Exercise details: The result should be the full listing copied exactly, with no pictures in it.

((

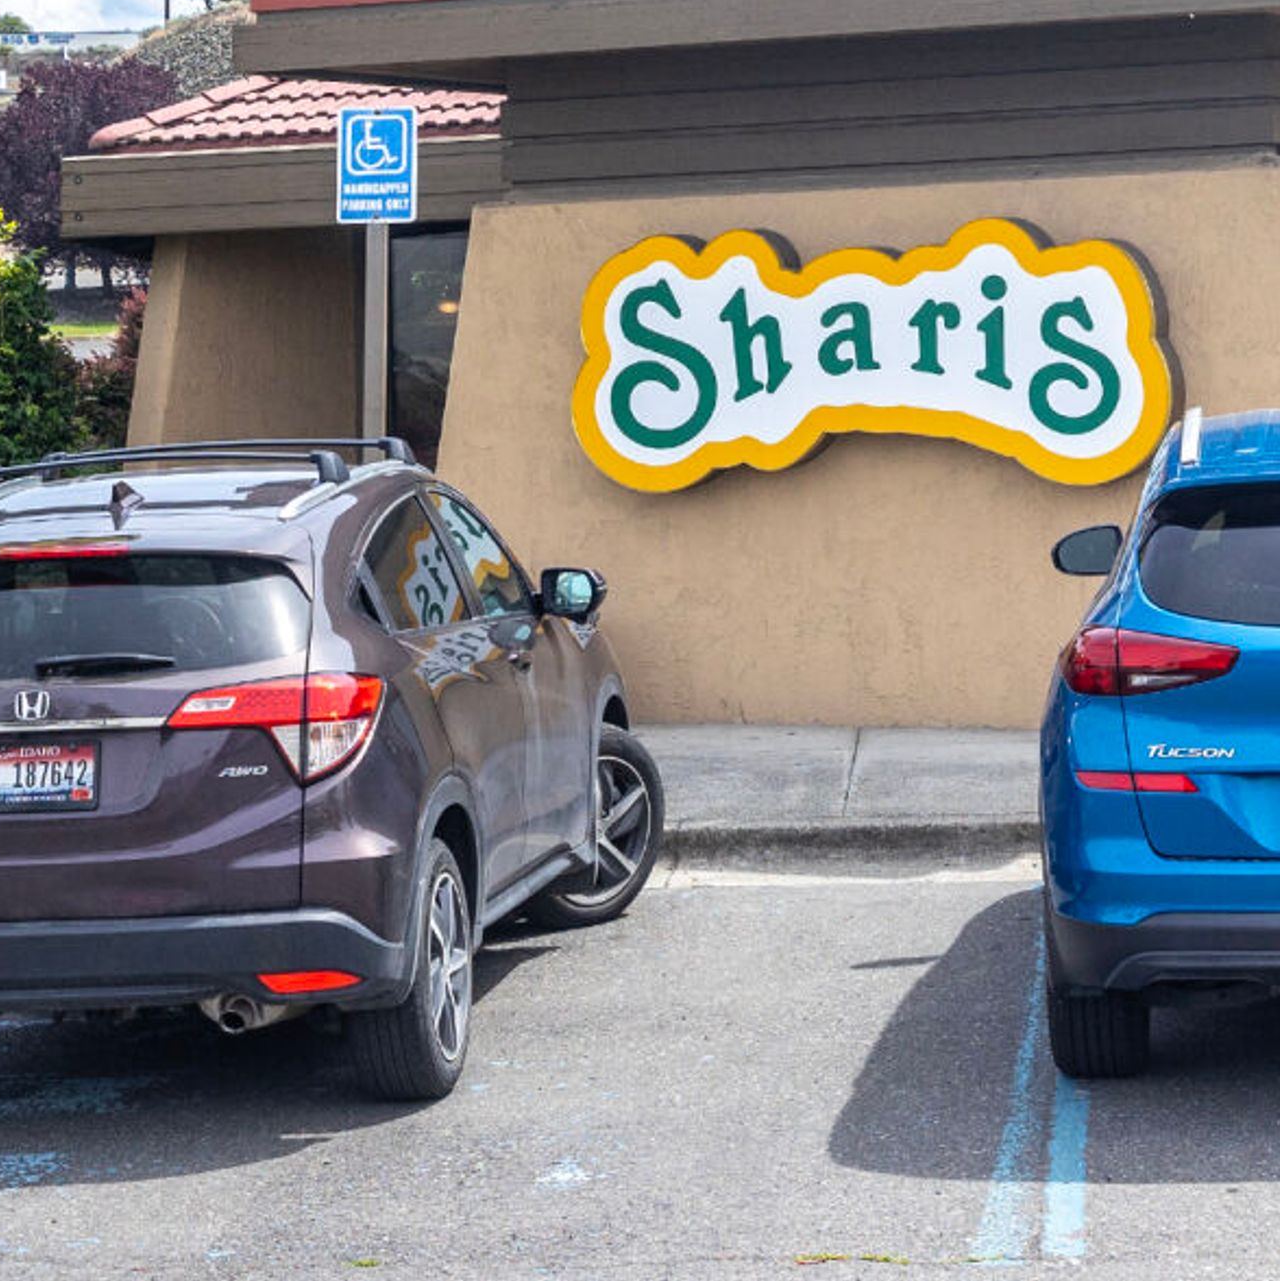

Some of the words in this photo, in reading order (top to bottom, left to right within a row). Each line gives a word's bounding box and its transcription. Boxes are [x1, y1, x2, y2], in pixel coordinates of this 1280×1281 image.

[343, 182, 410, 194] HANDICAPPED
[343, 199, 382, 211] PARKING
[385, 198, 410, 211] ONLY
[609, 274, 1121, 449] Sharis
[19, 746, 62, 759] IDAHO
[13, 759, 88, 788] 187642
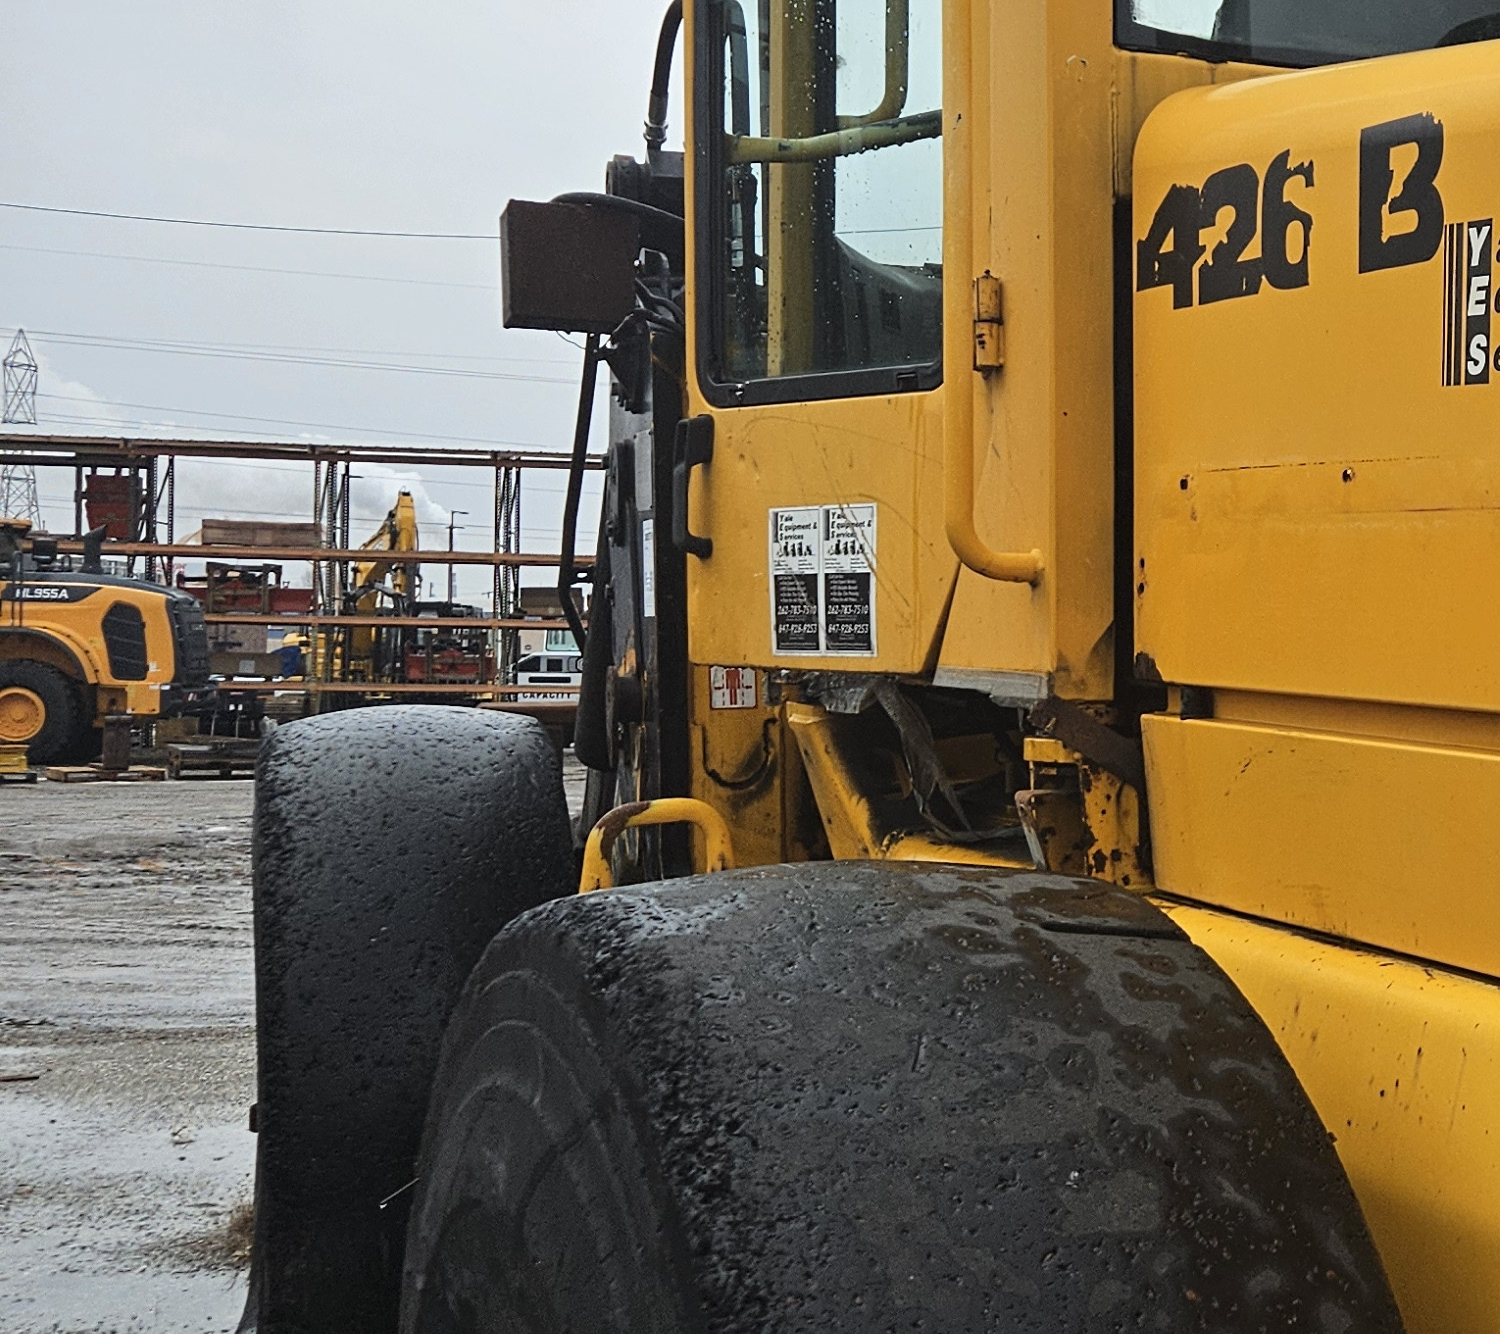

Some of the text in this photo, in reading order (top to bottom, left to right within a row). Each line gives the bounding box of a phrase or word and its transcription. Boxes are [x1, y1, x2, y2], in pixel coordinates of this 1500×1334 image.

[1137, 111, 1444, 310] 426 B
[780, 523, 811, 532] Equipment
[780, 533, 804, 541] Services
[15, 588, 69, 599] HL955A
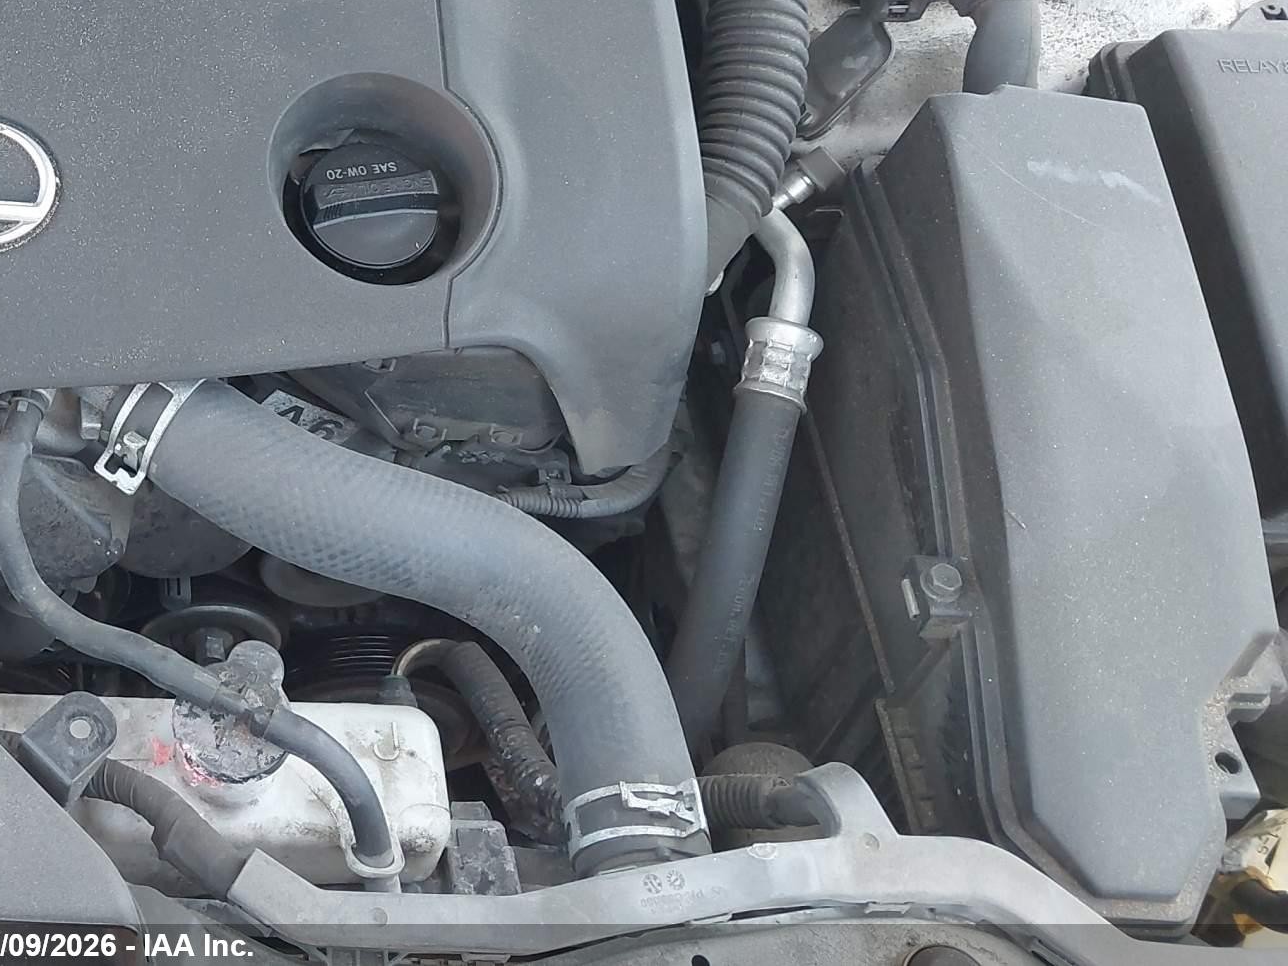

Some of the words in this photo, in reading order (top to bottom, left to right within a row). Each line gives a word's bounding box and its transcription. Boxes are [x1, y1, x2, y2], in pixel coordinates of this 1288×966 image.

[326, 166, 367, 180] 0W-20
[371, 162, 398, 174] SAE
[380, 177, 431, 192] ENGE
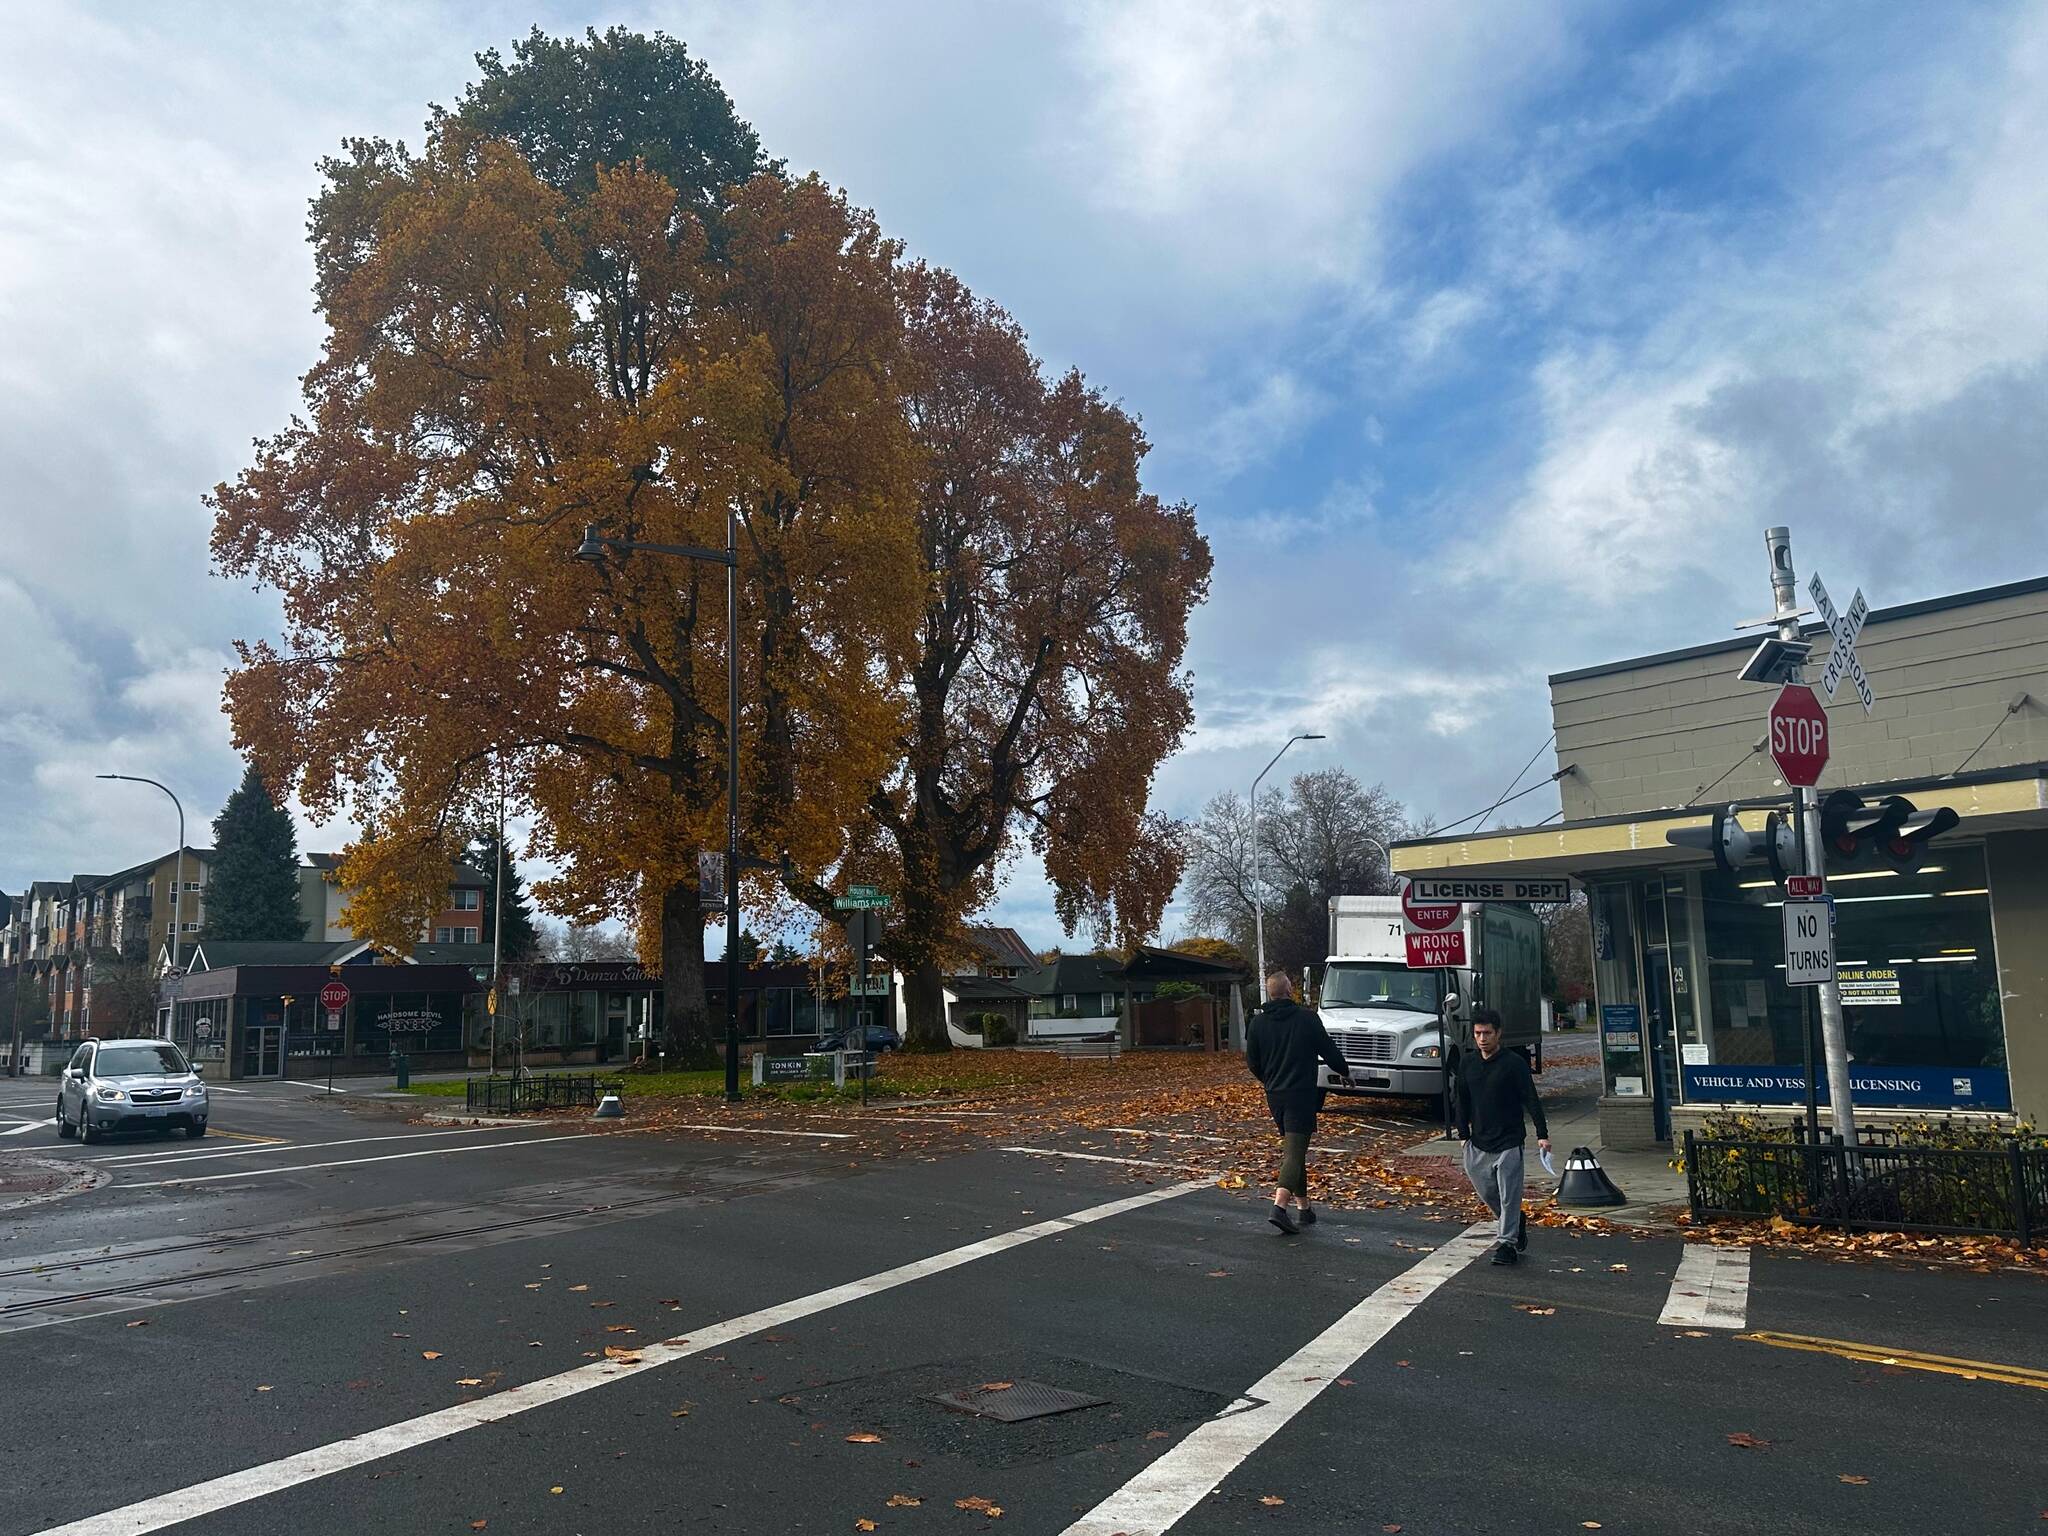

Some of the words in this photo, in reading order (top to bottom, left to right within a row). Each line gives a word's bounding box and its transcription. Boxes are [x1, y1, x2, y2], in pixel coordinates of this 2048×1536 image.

[1812, 577, 1837, 636] RAIL
[1848, 652, 1872, 706] ROAD
[1822, 595, 1866, 694] CROSSING
[1774, 716, 1824, 755] STOP
[1420, 883, 1504, 897] LICENSE
[1516, 884, 1565, 898] DEPT.
[1791, 882, 1804, 893] ALL
[1807, 881, 1820, 892] WAY
[836, 899, 870, 908] Williams
[1417, 910, 1449, 920] ENTER
[1797, 915, 1817, 938] NO
[1411, 934, 1460, 949] WRONG
[1423, 951, 1449, 965] WAY
[1789, 950, 1829, 970] TURNS
[576, 969, 618, 981] Danza
[1838, 971, 1864, 980] ONLINE
[1866, 970, 1897, 979] ORDERS
[323, 991, 348, 1001] STOP
[377, 1011, 419, 1020] HANDSOME
[421, 1011, 442, 1019] DEVIL
[388, 1018, 432, 1031] INK
[1694, 1076, 1744, 1088] VEHICLE
[1746, 1077, 1774, 1088] AND
[1849, 1080, 1921, 1092] LICENSING

))

Expected output:
Some of the words in this photo, in reading order (top to bottom, left to right within a row). Each line gives a word's bounding box and its transcription. Boxes are [x1, y1, x2, y2], in pixel coordinates of this 1280×1281 image.

[343, 182, 410, 194] HANDICAPPED
[343, 199, 382, 211] PARKING
[385, 198, 410, 211] ONLY
[609, 274, 1121, 449] Sharis
[19, 746, 62, 759] IDAHO
[13, 759, 88, 788] 187642

Some of the text in this photo, in reading order (top to bottom, left to right within a row). Each line gives the bounding box of a phrase or word and its transcription. Boxes are [x1, y1, x2, y2], in pixel coordinates of this 1500×1334 image.

[1137, 111, 1444, 310] 426 B
[780, 523, 811, 532] Equipment
[780, 533, 804, 541] Services
[15, 588, 69, 599] HL955A

Some of the words in this photo, in reading order (top to bottom, left to right within a row). Each line gives a word's bounding box and its transcription. Boxes are [x1, y1, x2, y2], in pixel coordinates of this 1288×966 image.

[326, 166, 367, 180] 0W-20
[371, 162, 398, 174] SAE
[380, 177, 431, 192] ENGE

Some of the words in this photo, in reading order (top to bottom, left to right within a row). Each line gives a word's bounding box and its transcription. Boxes are [x1, y1, x2, y2], in pixel coordinates of this 2048×1536 image.

[1812, 577, 1837, 636] RAIL
[1848, 652, 1872, 706] ROAD
[1822, 595, 1866, 694] CROSSING
[1774, 716, 1824, 755] STOP
[1420, 883, 1504, 897] LICENSE
[1516, 884, 1565, 898] DEPT.
[1791, 882, 1804, 893] ALL
[1807, 881, 1820, 892] WAY
[836, 899, 870, 908] Williams
[1417, 910, 1449, 920] ENTER
[1797, 915, 1817, 938] NO
[1411, 934, 1460, 949] WRONG
[1423, 951, 1449, 965] WAY
[1789, 950, 1829, 970] TURNS
[576, 969, 618, 981] Danza
[1838, 971, 1864, 980] ONLINE
[1866, 970, 1897, 979] ORDERS
[323, 991, 348, 1001] STOP
[377, 1011, 419, 1020] HANDSOME
[421, 1011, 442, 1019] DEVIL
[388, 1018, 432, 1031] INK
[1694, 1076, 1744, 1088] VEHICLE
[1746, 1077, 1774, 1088] AND
[1849, 1080, 1921, 1092] LICENSING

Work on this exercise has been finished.